Hypothesis \(G_0\): Patella vulgata are larger than Patella depressa, i.e. have a higher PC1 value.
reference_model.Summary().loc['PC1', :]
| mean | sd | mc_error | hpd_2.5 | hpd_97.5 | n_eff | Rhat | |
|---|---|---|---|---|---|---|---|
| parameter | |||||||
| dof__0 | 51.78 | 21.45 | 2.50e-01 | 15.73 | 92.71 | 7643.74 | 1.0 |
| habitat exposed → rockpool__0 | 14.07 | 0.71 | 1.31e-02 | 12.69 | 15.43 | 3074.34 | 1.0 |
| habitat exposed → sheltered__0 | 11.20 | 0.65 | 1.04e-02 | 9.93 | 12.47 | 3800.42 | 1.0 |
| intercept__0 | -8.39 | 1.23 | 1.98e-02 | -10.73 | -5.96 | 4253.27 | 1.0 |
| residual__0 | 8.06 | 0.20 | 2.40e-03 | 7.67 | 8.46 | 8320.95 | 1.0 |
| species depressa → vulgata__0 | 0.56 | 0.55 | 7.31e-03 | -0.54 | 1.62 | 5035.43 | 1.0 |
Species clearly has no effect (because zero is included in the interval between hpd_2.5 and hpd_97.5).
… on Statistics
Above, I have exemplified my typical workflow for a statistical analysis. I will summarize it again.

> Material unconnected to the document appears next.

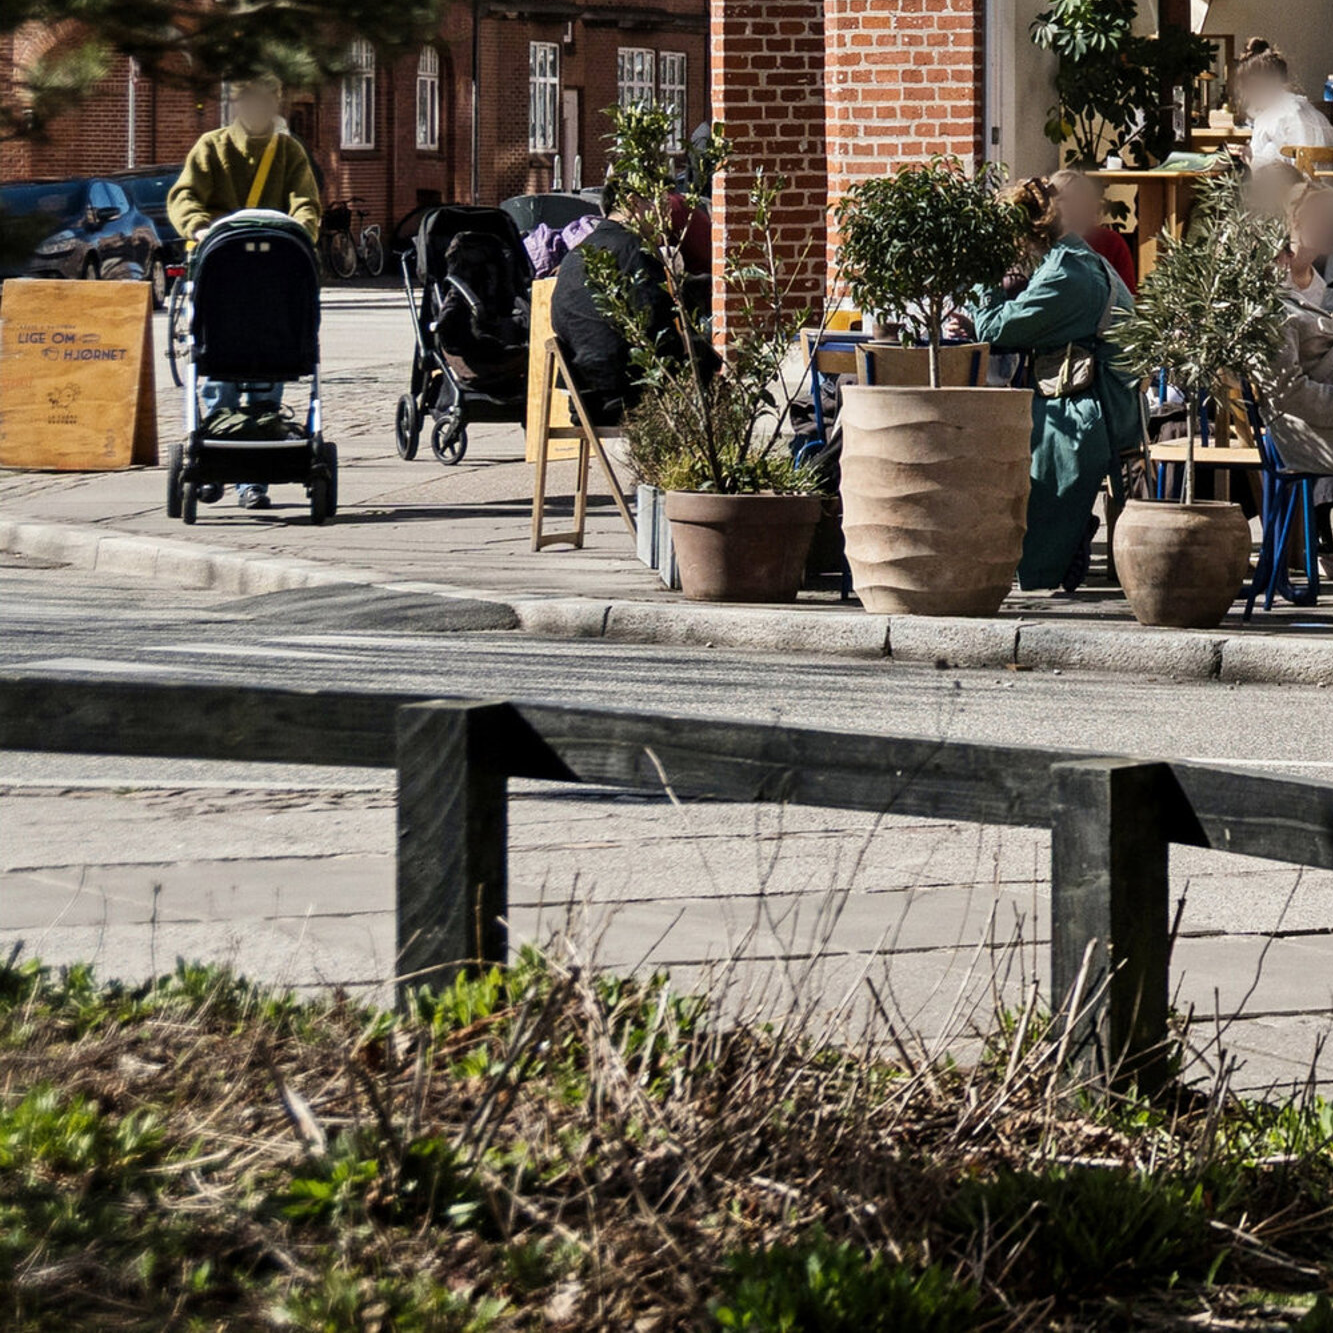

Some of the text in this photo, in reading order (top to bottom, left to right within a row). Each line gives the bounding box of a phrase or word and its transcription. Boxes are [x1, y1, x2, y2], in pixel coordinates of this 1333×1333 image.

[18, 332, 76, 344] LIGE OM
[63, 349, 127, 361] HJØRNET

- Visually inspect the data by creative plotting. Understand the data structure.
- Multivariate transformations, such as PCA (use with caution).
- Define working hypotheses.
- Design models that mimic the structure of the data.
- Use
statsmodelsto select key models and refine them coarsely. - Use
pymc3to compute and sample reference models. - Careful prior design (not shown, but important).
- Additionally, compute alternative models that alter the parameter representation or composition. This can be done in an incremental and decremental systematic process, adding or removing parameters successively from a reference model.
- Perform posterior checks.
- Compare the models. Refine, and optionally return to “model design”.
- Presentation of the outcome.
Some aspects which I did not (sufficiently) cover (yet):
- prior design
- identifying and handling sampler convergence issues
- samplers and sampler settings
- shrinkage
- correlated model parameters and the LKJ prior structure
- saving
pymcmodels to disk
Pay particular attention to the terminology, which varies considerably across statisticians. I herein attempted to choose unambiguous terms, but they might not be the most abundant ones.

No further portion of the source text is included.